The Byzness, 29/12/2019

The Byzness, 29th December 2019





‘Collecting Africa: Before, During and After Colonial Overrule’, 27 April 2020, University of Oxford.

Deadline: 31 January 2020          

In recent years European and US museums and libraries have been facing mounting calls for the return of objects taken or acquired from Africa and other parts of the world during the Colonial era. The objects, the ways in which they are gathered and presented, and the institutions which house them have become contested, especially when they are tied to histories of violence and dispossession. The contestation is driven by a greater awareness of the relations between institutions and politics, but also by changes in society and the balance of power. These issues have become interwoven with calls for change in the geopolitics of knowledge which have been met with support and opposition, sometimes violent, as in the case of Rhodes University. The increased focus on these issues in the media indicates that these collections have come to embody competing interests and the struggles of individuals within modern societies, and that the debates about them are as much about the present as the past. Museums in the UK have been responding in different ways to these challenges while scholars and governments debate on the institutional actions or activities that should be undertaken to address these contested collections, especially after the Sarr-Savoy report.

This conference seeks to place these debates in a historical perspective and provide an analysis of materials from Africa in UK collections that focuses on the significances they possessed in the contexts from which they were taken and on the significances they assumed and assume in the contexts in which they were and are deposited and displayed. Throughout history, traders, museum representatives, travellers and missionaries from Europe and Africa collected objects, gathered botanical and mineral samples, and took photographs for a variety of educational and socio-political reasons, sometimes assisted in these processes by African interlocutors engaged in a series of political projects of their own. Taken as a whole, these collections can be viewed as historical records of choices, values or ideologies, while the processes which led to their creation and categorization bear witness to relations of power and knowledge. How did these interactions reshape respective concepts and categories about each “other”? Did these collecting patterns change over time? To what extent are the current narratives reliant on vocabularies and paradigms that need to be reassessed? Papers that consider the acquisition of material before, during, and after the age of new imperialism in comparative terms are particularly encouraged. Topics of interest include, but are not limited to, the acquisition of objects from different regions, including north Africa, and from different epochs, including the classical and late antique periods. Presentations that explore collections of natural history are equally welcome.

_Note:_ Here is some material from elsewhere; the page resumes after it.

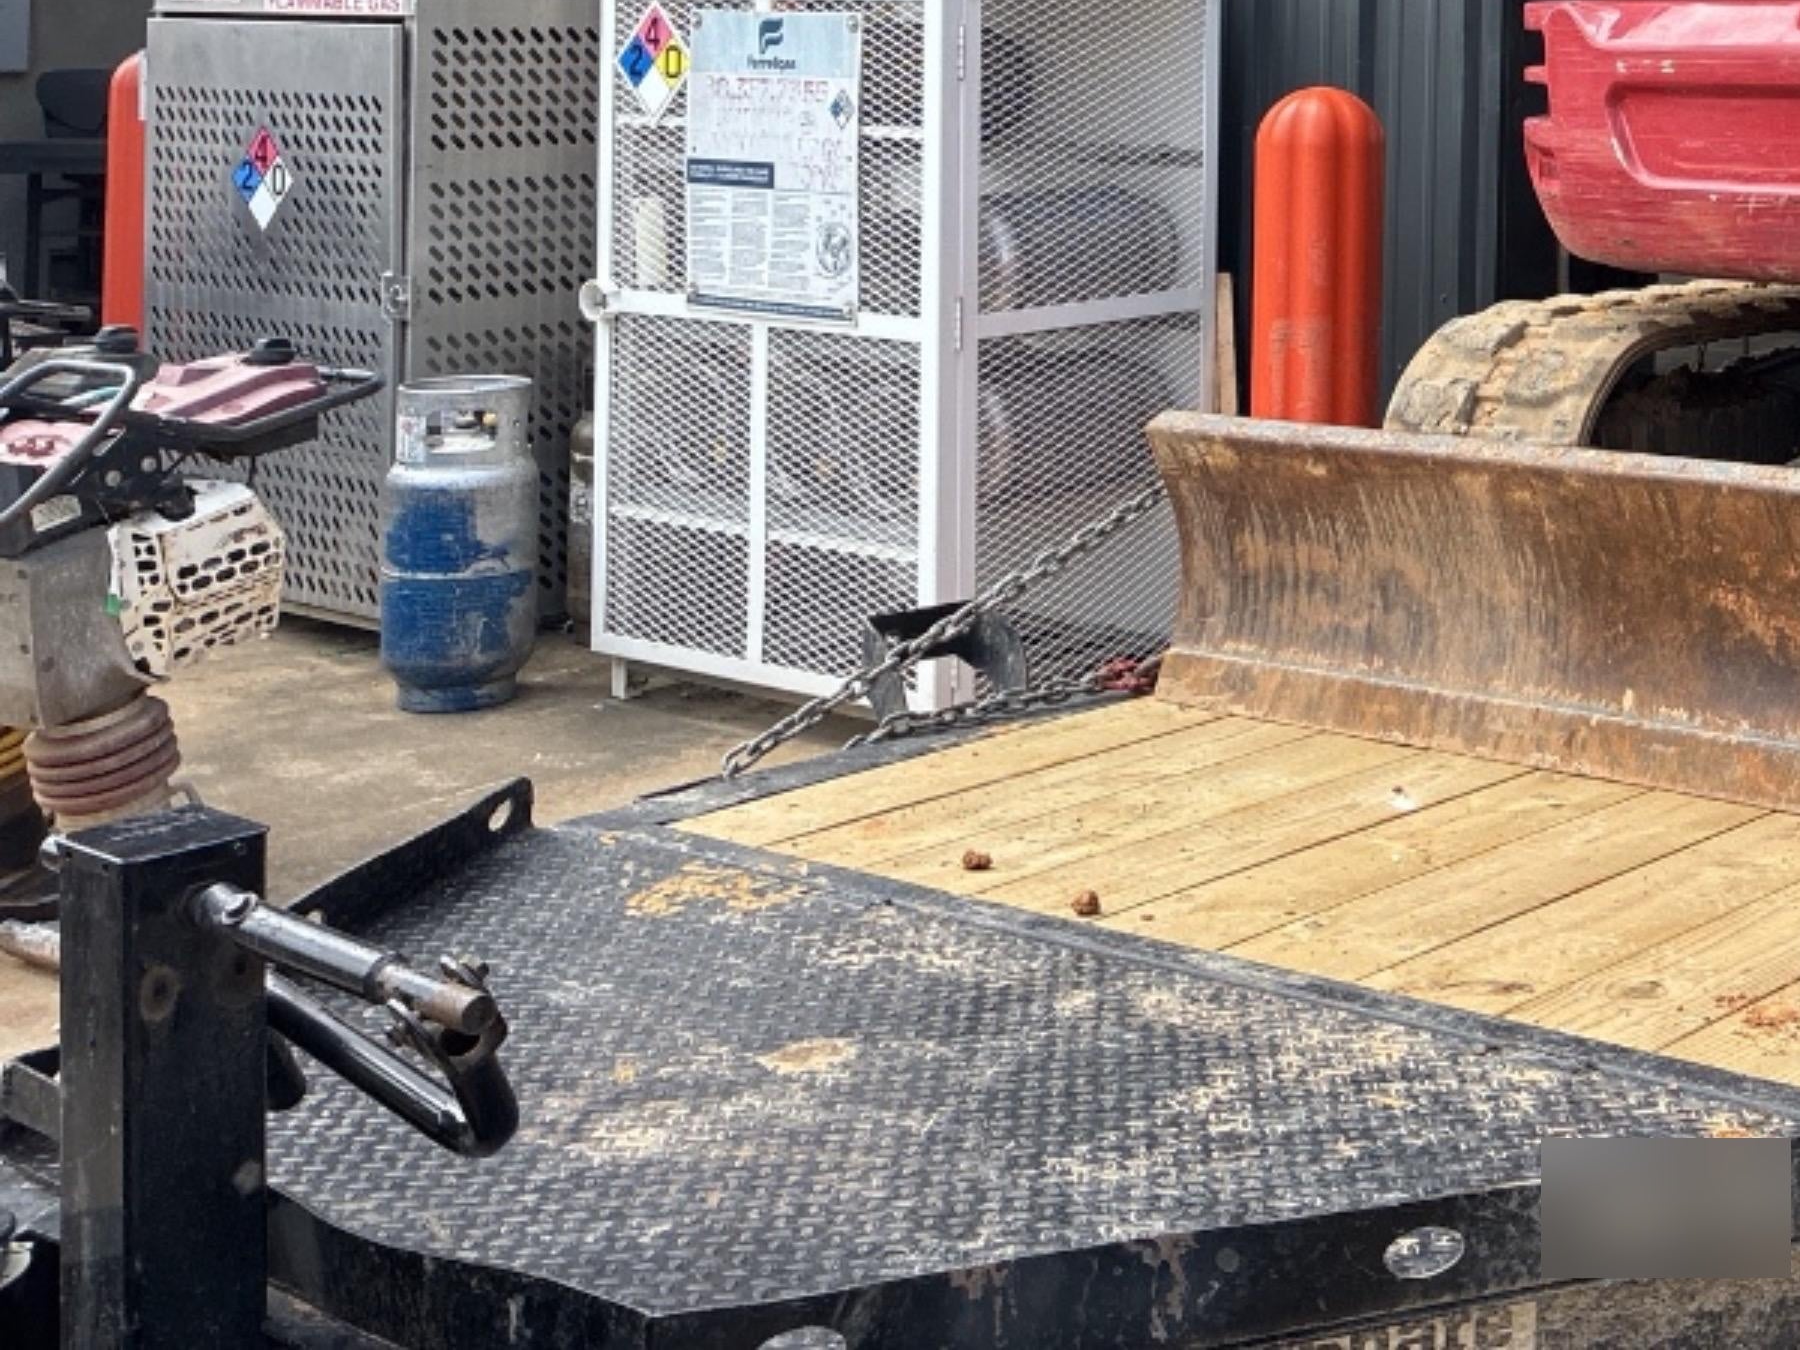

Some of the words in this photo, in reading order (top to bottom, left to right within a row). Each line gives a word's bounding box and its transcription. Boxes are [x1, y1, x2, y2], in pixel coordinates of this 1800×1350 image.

We invite paper presentations of 20 minutes. Please send the title of your proposed paper and an abstract of about 250 words to Jacopo Gnisci,, by January 31, 2020.

For further details, see here.

‘Worlds of Related Coercions in Work (WORCK)’, 16–20 September 2020, Budapest.

Deadline: 15 February 2020

The newly started EU COST-action Worlds of Related Coercions in Work (WORCK) will host its first annual conference at the Central European University in Budapest from 16–20 September 2020. The network aims at exploring interconnected histories of labour and coercion.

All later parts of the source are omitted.